**Brief:** In your copy, each line below is repeated exactly and no image appears.

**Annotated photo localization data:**
━━━━━━━━━━

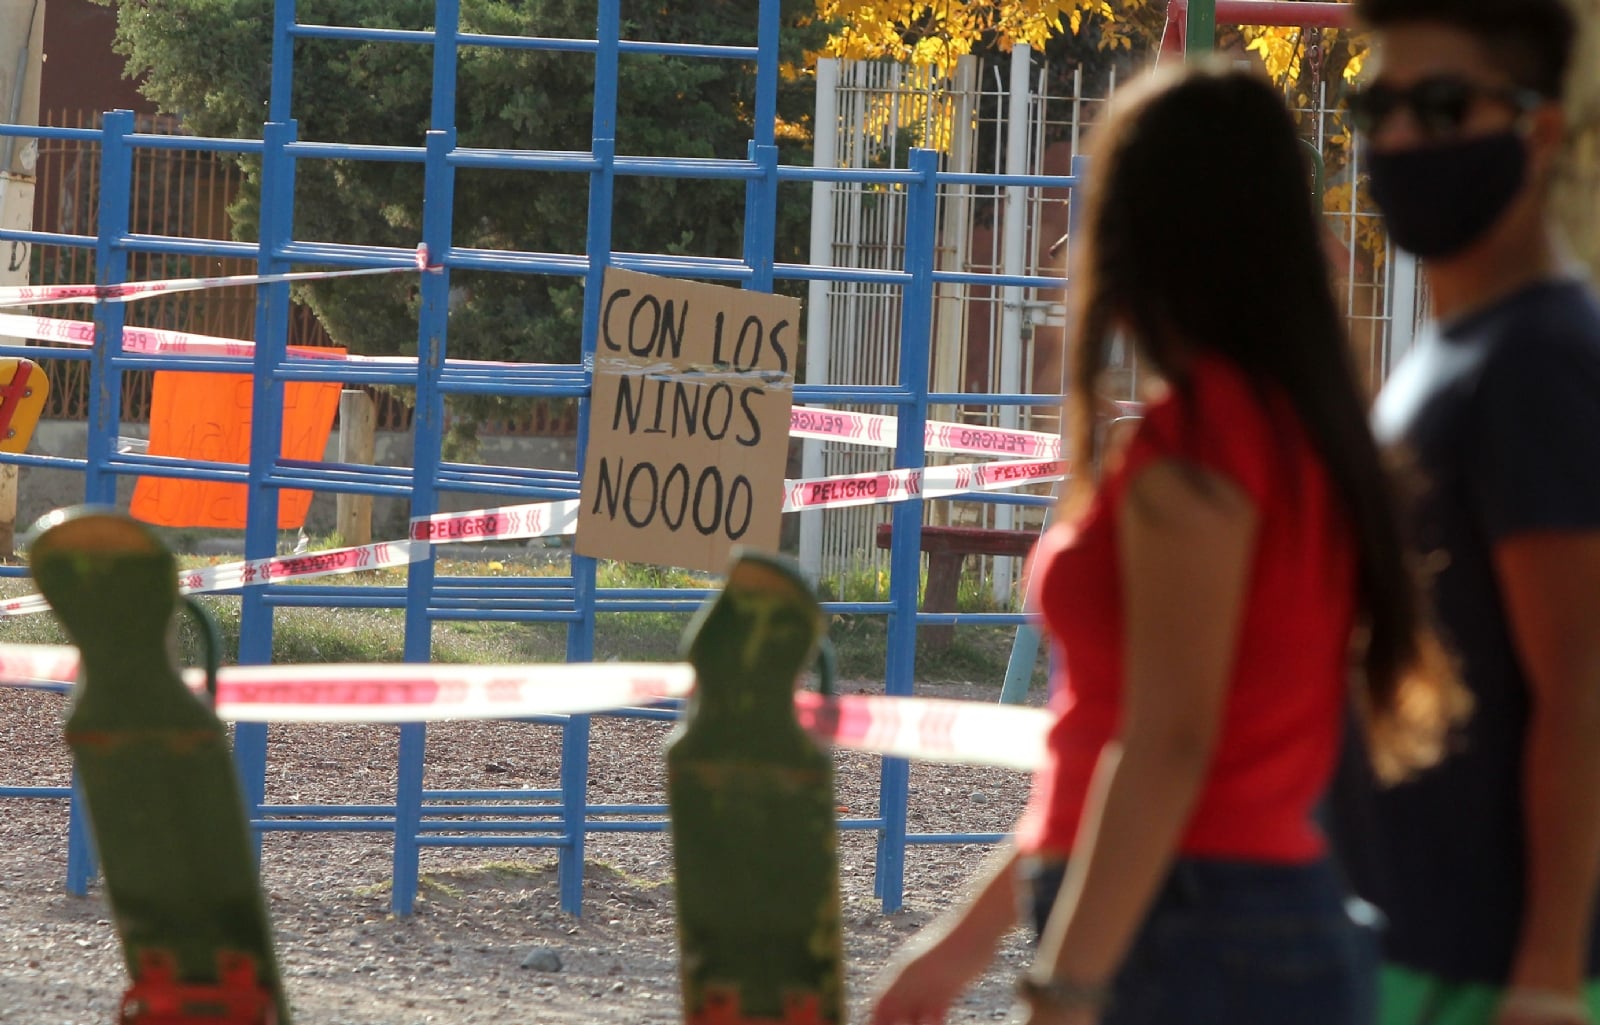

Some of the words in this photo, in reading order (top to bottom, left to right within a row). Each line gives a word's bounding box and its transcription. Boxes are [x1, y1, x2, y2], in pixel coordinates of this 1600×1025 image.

[603, 289, 688, 358] CON
[713, 311, 789, 383] LOS
[591, 456, 753, 541] NOOOO
[811, 479, 877, 501] PELIGRO
[426, 516, 497, 538] PELIGRO

━━━━━━━━━━

**Solution for this exercise:**
Some of the words in this photo, in reading order (top to bottom, left to right within a row). Each line gives a word's bounding box and its transcription. Boxes are [x1, y1, x2, y2], in pixel coordinates of this 1600×1025 image.

[603, 289, 688, 358] CON
[713, 311, 789, 383] LOS
[591, 456, 753, 541] NOOOO
[811, 479, 877, 501] PELIGRO
[426, 516, 497, 538] PELIGRO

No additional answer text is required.